"""

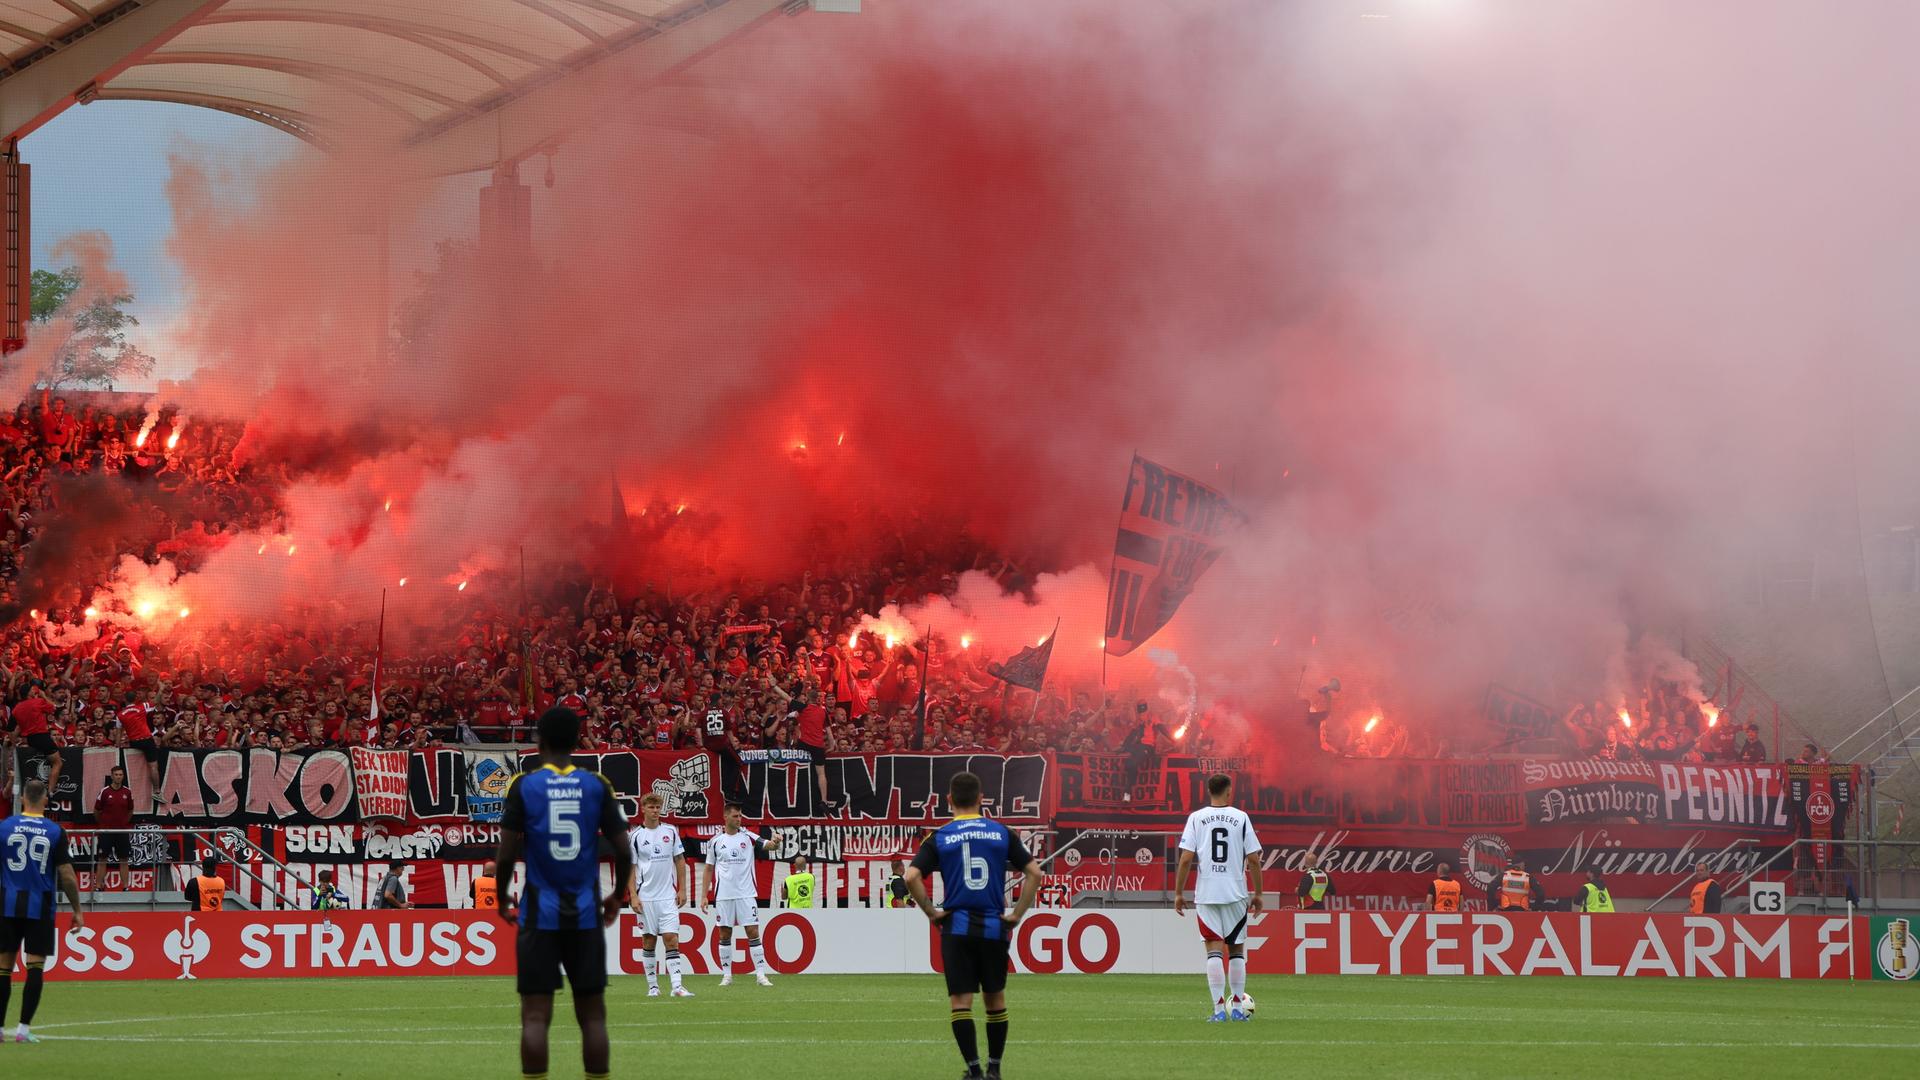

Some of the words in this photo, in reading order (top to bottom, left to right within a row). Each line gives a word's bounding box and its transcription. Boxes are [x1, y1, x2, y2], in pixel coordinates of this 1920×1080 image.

[706, 714, 723, 731] 25
[352, 748, 408, 774] SEKTION
[357, 774, 408, 796] STADION
[547, 788, 582, 799] KRAHN
[359, 796, 406, 817] VERBOT
[685, 800, 704, 812] 1994
[1540, 784, 1659, 822] Nürnberg
[1810, 804, 1830, 816] FCN
[14, 825, 47, 835] SCHMIDT
[286, 824, 355, 854] SGN
[550, 801, 580, 860] 5
[945, 831, 1002, 844] SONTHEIMER
[7, 833, 51, 875] 39
[1211, 827, 1229, 863] 6
[962, 842, 989, 890] 6
[1212, 865, 1227, 873] FLICK
[1753, 891, 1782, 912] C3
[239, 922, 497, 969] STRAUSS
[619, 912, 817, 975] ERGO
[1295, 913, 1790, 979] FLYERALARM

"""

Everything in the records should be repeated exactly except the images.

Some of the words in this photo, in reading order (top to bottom, left to right within a row). Each line gives a word's bounding box and its transcription. Boxes are [x1, y1, x2, y2], in pixel coordinates of this 1920×1080 image.

[706, 714, 723, 731] 25
[352, 748, 408, 774] SEKTION
[357, 774, 408, 796] STADION
[547, 788, 582, 799] KRAHN
[359, 796, 406, 817] VERBOT
[685, 800, 704, 812] 1994
[1540, 784, 1659, 822] Nürnberg
[1810, 804, 1830, 816] FCN
[14, 825, 47, 835] SCHMIDT
[286, 824, 355, 854] SGN
[550, 801, 580, 860] 5
[945, 831, 1002, 844] SONTHEIMER
[7, 833, 51, 875] 39
[1211, 827, 1229, 863] 6
[962, 842, 989, 890] 6
[1212, 865, 1227, 873] FLICK
[1753, 891, 1782, 912] C3
[239, 922, 497, 969] STRAUSS
[619, 912, 817, 975] ERGO
[1295, 913, 1790, 979] FLYERALARM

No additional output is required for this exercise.